Separation of Powers
Constitutional allocation of legislative, executive, and judicial functions to distinct organs.
League of Peace (Kant)
A voluntary federation of republics preventing war without imposing a global state.
Virtuous Circle (Machiavelli)
A republic’s capacity to renew itself through laws, conflict, and active citizen participation.
Natural Equality (Hobbes)
The rough equality of human bodily and mental powers that makes perpetual conflict likely in nature.
Right to Punish (Hobbes)
Sovereign’s retained natural right to use force against subjects for breaches of covenants.
Civil Liberty (Locke)
Freedom under known, standing laws made by a legislature elected by the people.
Toleration (Locke)
Civil liberty of conscience; the state should not coerce religious belief except against papists and atheists, in Locke’s view.
Public Opinion (Tocqueville)
The moral empire of the majority, potentially as tyrannical as any prince if unchecked.
Representation (Federalist)
Delegation of the people’s authority to elected agents who refine and enlarge the public view.
Alienation of Right (Hobbes)
Complete transfer of one’s natural liberty to the sovereign for the sake of peace.
Natural Right to Self-Preservation
Inherent entitlement of each person to defend life by any means necessary until joined in civil society.
Covenant
A mutual agreement binding parties to perform; in Hobbes, the basis of political obligation.
Salus Populi
Hobbes’s phrase for the safety of the people—the supreme law and purpose of the state.
Council of Censors
A body proposed in some states (and by Publius) to review constitutional fidelity of government actions.

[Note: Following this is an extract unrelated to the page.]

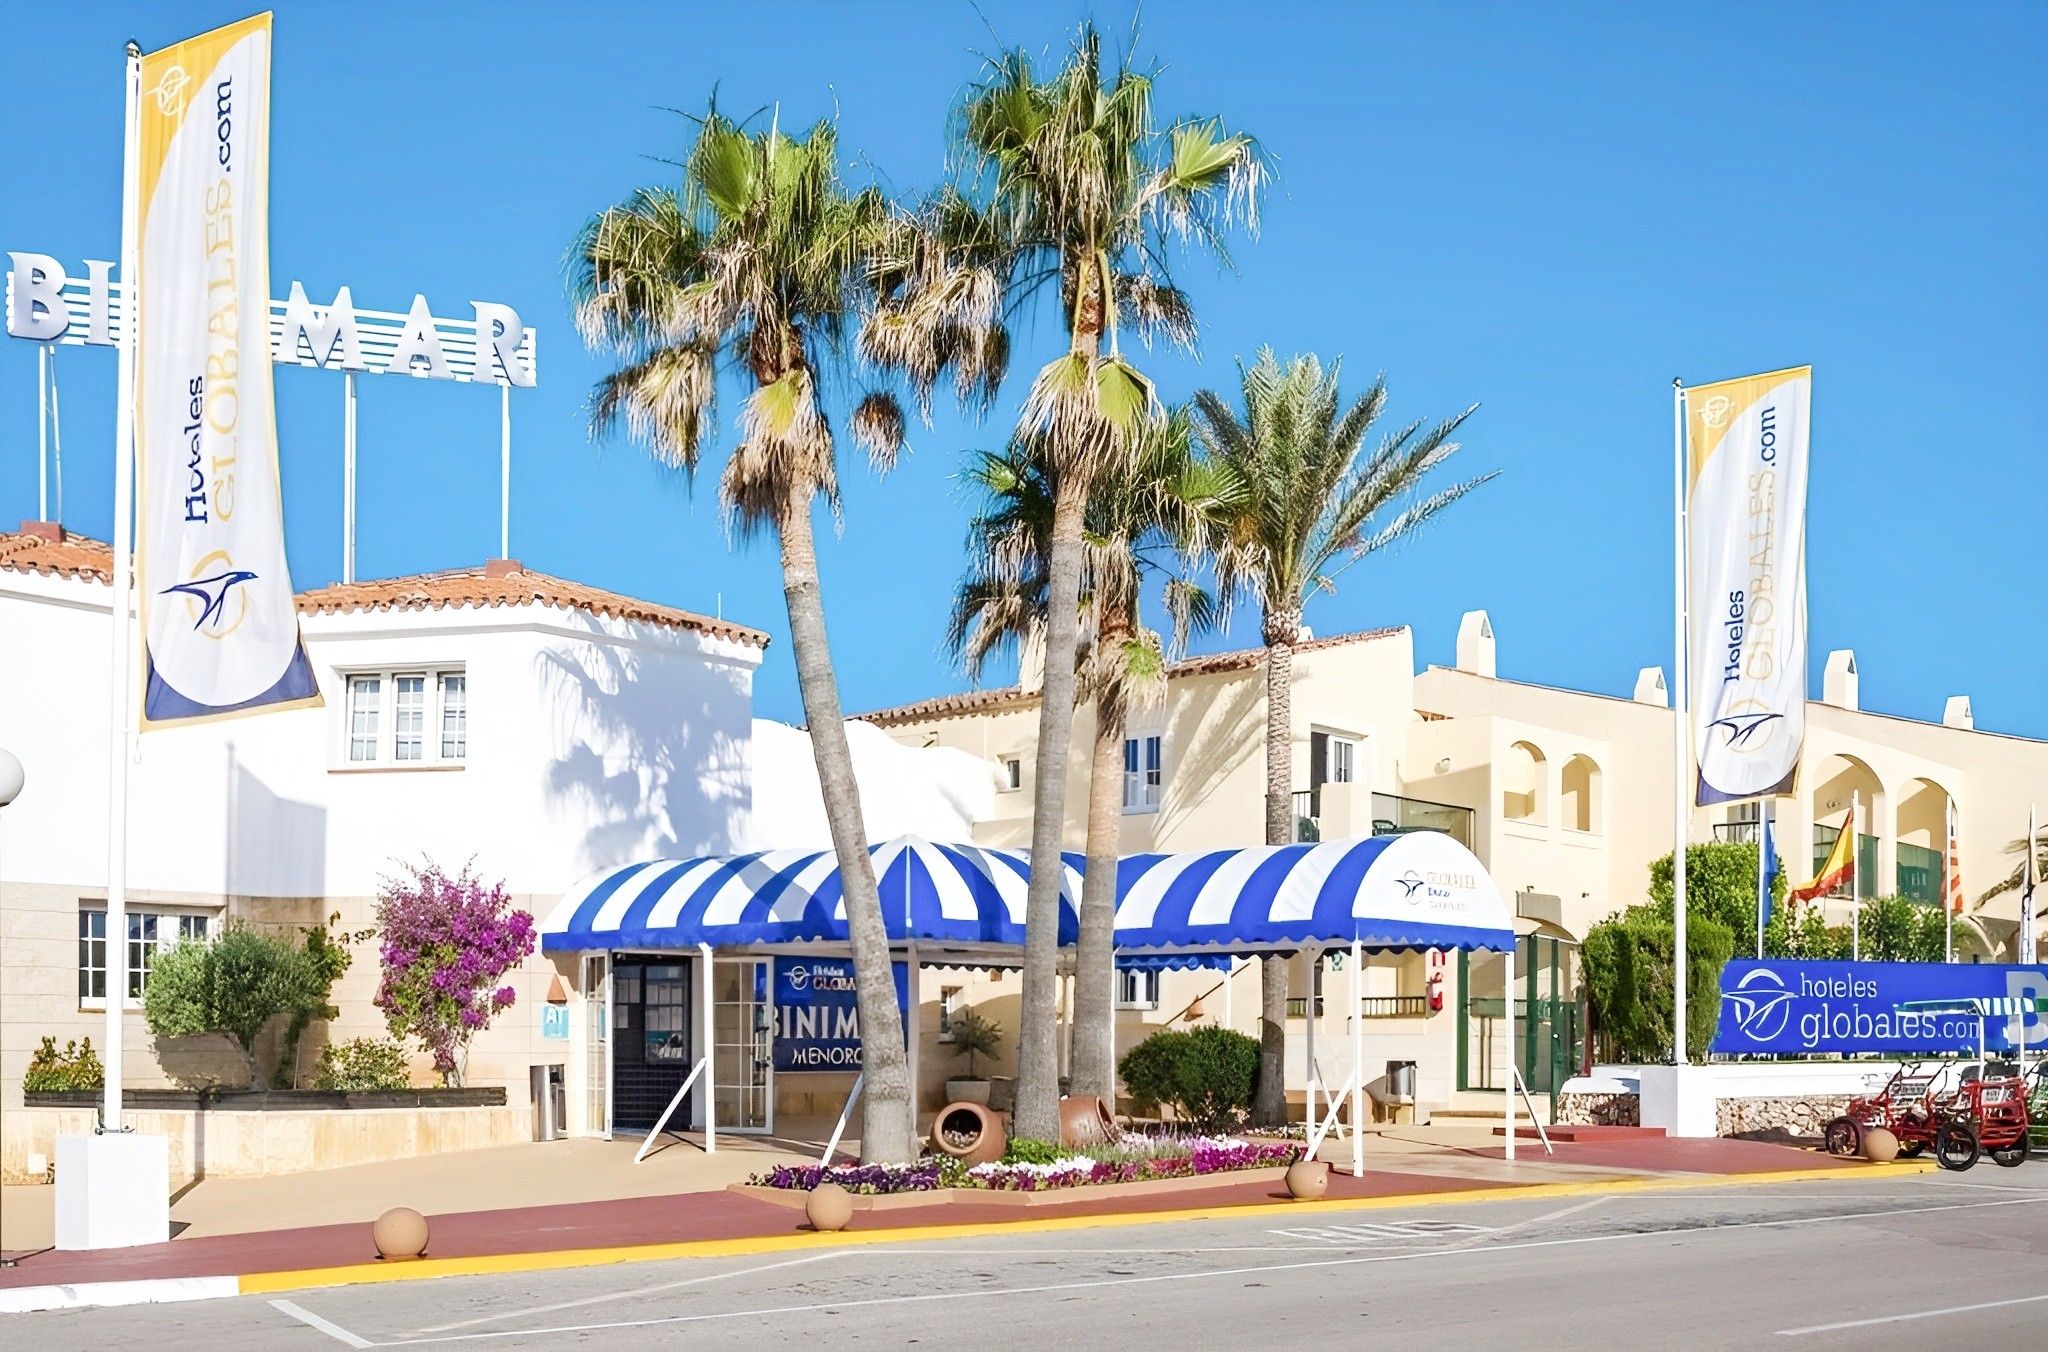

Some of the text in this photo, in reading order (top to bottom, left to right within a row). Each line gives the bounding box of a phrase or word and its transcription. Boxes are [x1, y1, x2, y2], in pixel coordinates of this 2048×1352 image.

Fortified Chains of Habit (Burke)
The accumulated customs that bind society together, commanding reverence beyond rational design.
Positive Law
Enacted human legislation, valid when not contradicting higher constitutional or natural norms.
Primogeniture (Hobbes’s Law)
Natural-law rule assigning undividable property or office to the firstborn or first possessor.
Lisica e Leone
Machiavelli’s counsel that a ruler must be ‘a fox to detect snares and a lion to frighten wolves.’
Mixed Government
Classical idea of blending monarchy, aristocracy, and democracy; adapted by Montesquieu, Hamilton, Burke.
Civil Society
Locke’s term for the political community formed to preserve property through settled law.
Democratic Revolution
Tocqueville’s term for the long, providential movement from aristocracy toward social equality.
Natural Limits of Accumulation (Locke)
Spoilage proviso restricting appropriation until invention of lasting money removes the limit.
Practical Wisdom (Phronesis)
Burke’s appeal to experience, prudence, and historical continuity over abstract rational schemes.
Positivist Sovereignty (Hobbes)
Authority grounded solely in enacted will, not in moral virtue or historical prescription.